The copy you return should hold every record below word for word and no images.

RECORD SET
□ □ □ □
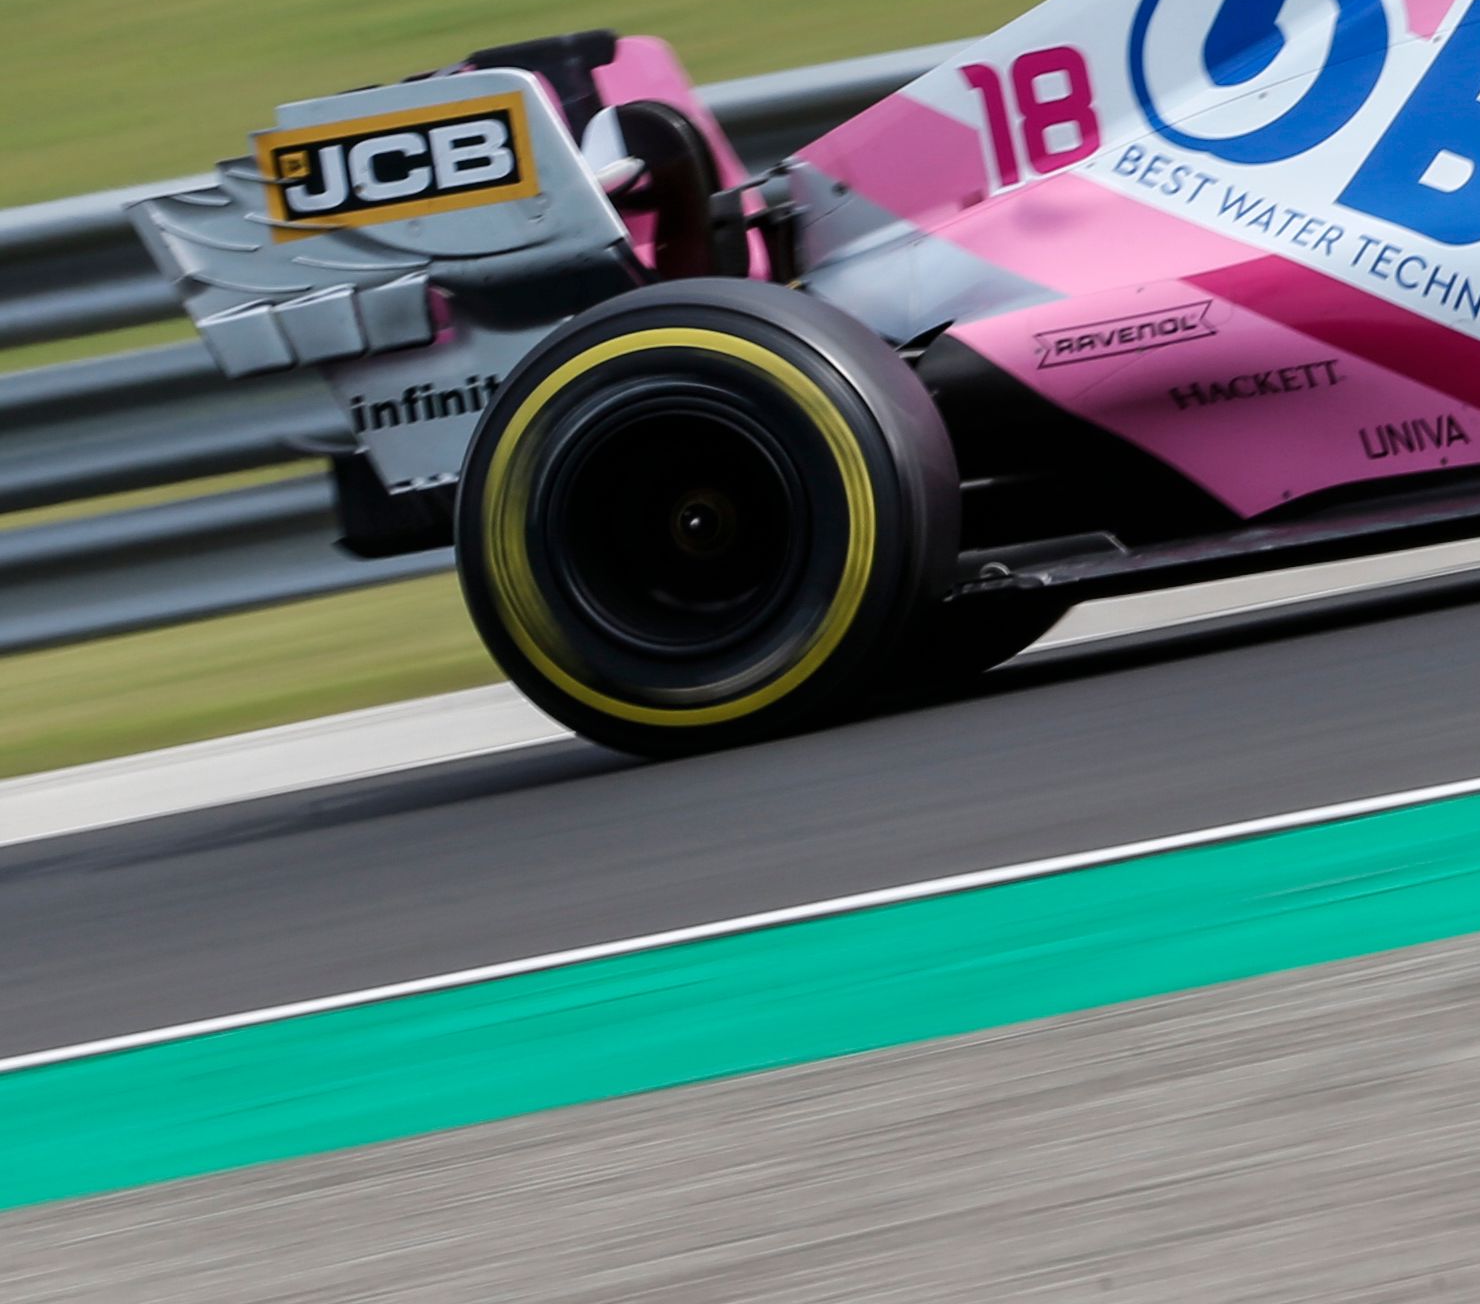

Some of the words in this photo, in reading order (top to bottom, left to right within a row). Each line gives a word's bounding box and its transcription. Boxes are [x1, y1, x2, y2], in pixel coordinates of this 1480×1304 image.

[958, 45, 1099, 184] 18
[285, 117, 514, 212] JCB
[1114, 144, 1218, 203] BEST
[1221, 185, 1344, 256] WATER
[1054, 315, 1197, 356] RAVENOL
[351, 373, 500, 433] infinit
[1169, 359, 1339, 409] HACKETT
[1358, 414, 1470, 460] UNIVA
□ □ □ □
OUTPUT FOR THIS EXERCISE
Some of the words in this photo, in reading order (top to bottom, left to right within a row). Each line gives a word's bounding box and its transcription. Boxes are [x1, y1, x2, y2], in pixel coordinates of this 1480×1304 image.

[958, 45, 1099, 184] 18
[285, 117, 514, 212] JCB
[1114, 144, 1218, 203] BEST
[1221, 185, 1344, 256] WATER
[1054, 315, 1197, 356] RAVENOL
[351, 373, 500, 433] infinit
[1169, 359, 1339, 409] HACKETT
[1358, 414, 1470, 460] UNIVA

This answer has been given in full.